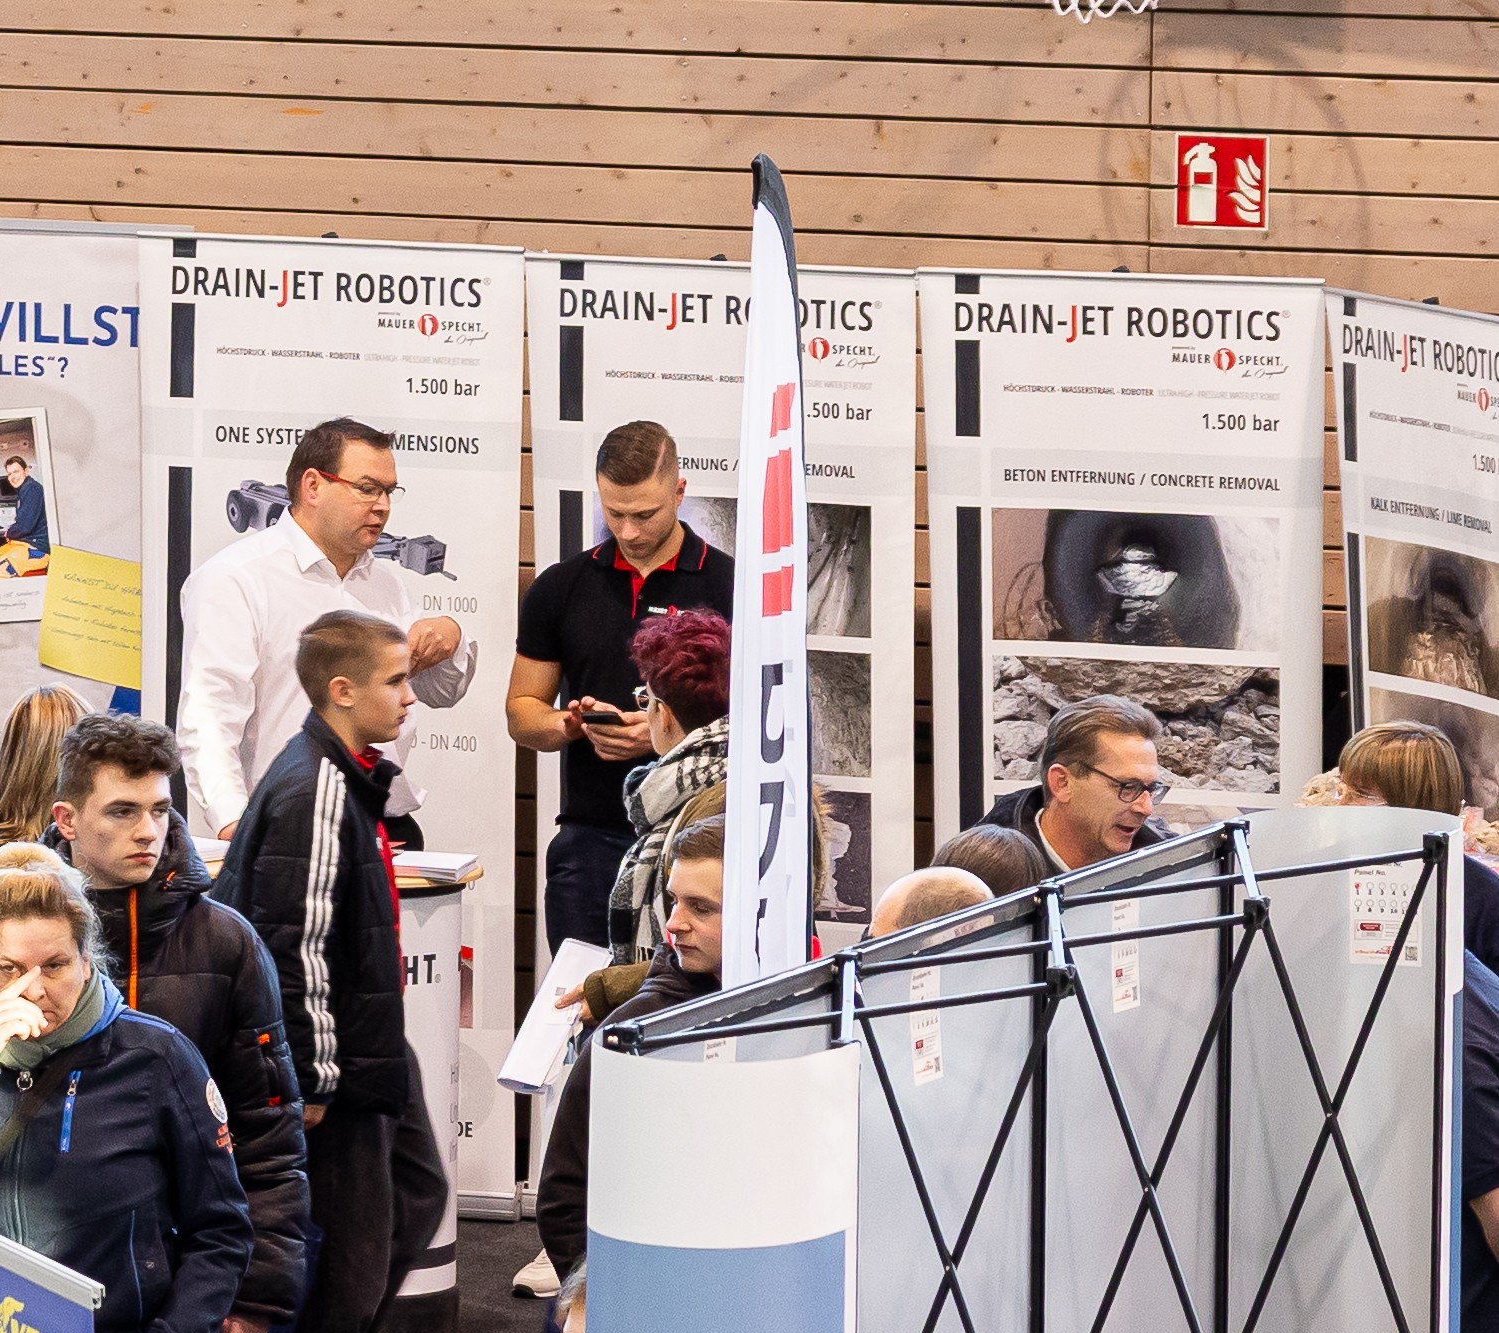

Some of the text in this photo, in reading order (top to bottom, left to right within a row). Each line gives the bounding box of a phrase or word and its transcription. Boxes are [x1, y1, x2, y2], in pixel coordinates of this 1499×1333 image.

[172, 266, 481, 307] DRAIN-JET ROBOTICS
[378, 318, 415, 330] MAUER
[955, 302, 1281, 343] DRAIN-JET ROBOTICS
[1343, 324, 1427, 373] DRAIN-JET
[406, 378, 480, 397] 1.500 bar
[216, 426, 250, 443] ONE
[1004, 469, 1280, 491] BETON ENTFERNUNG CONCRETE REMOVAL
[1371, 497, 1388, 512] KALK
[1391, 499, 1440, 521] ENTFERNUNG
[1464, 514, 1492, 534] REMOVAL
[423, 596, 477, 613] DN 1000
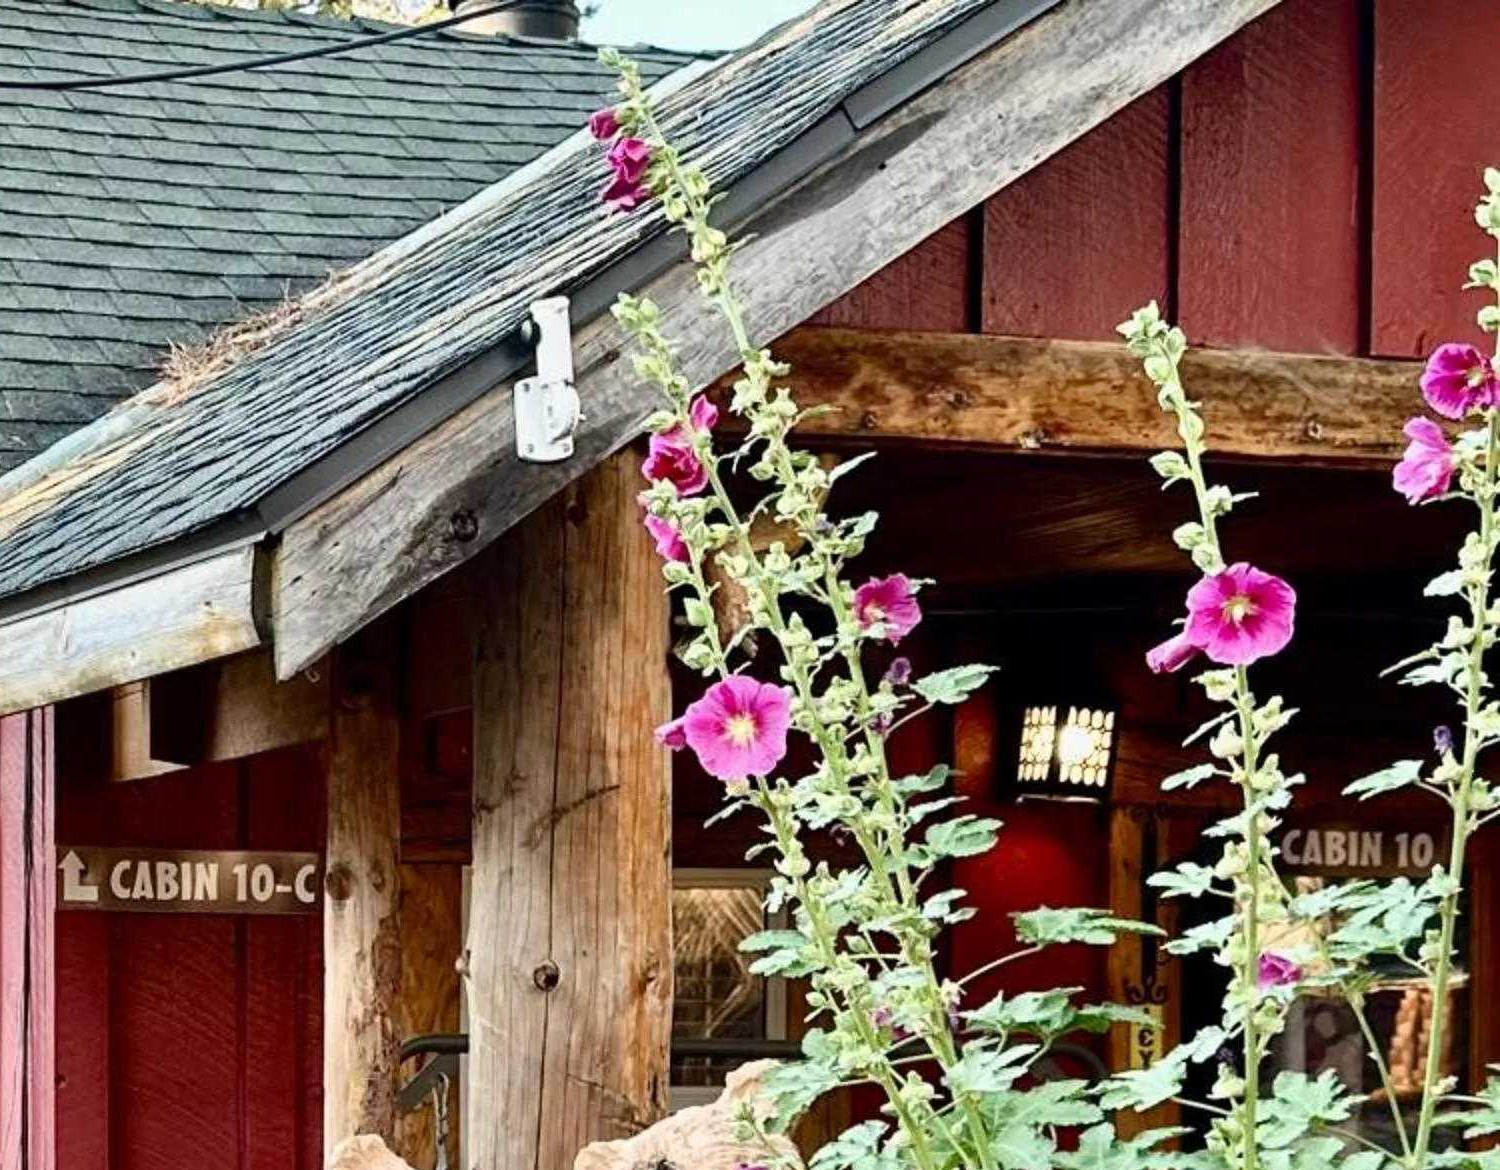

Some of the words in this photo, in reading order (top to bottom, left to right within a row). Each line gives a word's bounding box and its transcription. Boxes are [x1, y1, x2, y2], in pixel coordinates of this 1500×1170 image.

[1281, 829, 1383, 867] CABIN
[1395, 832, 1435, 868] 10
[109, 860, 219, 901] CABIN
[232, 863, 316, 903] 10-C

◆ ◆ ◆ ◆ ◆ ◆ ◆

**EXERCISE DESCRIPTION:** Exactness is what counts here: copy each entry as given and omit its pictures.

**EXERCISE RESULT:**
Some of the text in this photo, in reading order (top to bottom, left to right within a row). Each line gives the bounding box of a phrase or word and its transcription. Boxes are [x1, y1, x2, y2], in pixel coordinates of this 1499×1333 image.

[172, 266, 481, 307] DRAIN-JET ROBOTICS
[378, 318, 415, 330] MAUER
[955, 302, 1281, 343] DRAIN-JET ROBOTICS
[1343, 324, 1427, 373] DRAIN-JET
[406, 378, 480, 397] 1.500 bar
[216, 426, 250, 443] ONE
[1004, 469, 1280, 491] BETON ENTFERNUNG CONCRETE REMOVAL
[1371, 497, 1388, 512] KALK
[1391, 499, 1440, 521] ENTFERNUNG
[1464, 514, 1492, 534] REMOVAL
[423, 596, 477, 613] DN 1000

Some of the words in this photo, in reading order (top to bottom, left to right within a row). Each line gives a word's bounding box and its transcription. Boxes are [x1, y1, x2, y2], in pixel coordinates of this 1500×1170 image.

[1281, 829, 1383, 867] CABIN
[1395, 832, 1435, 868] 10
[109, 860, 219, 901] CABIN
[232, 863, 316, 903] 10-C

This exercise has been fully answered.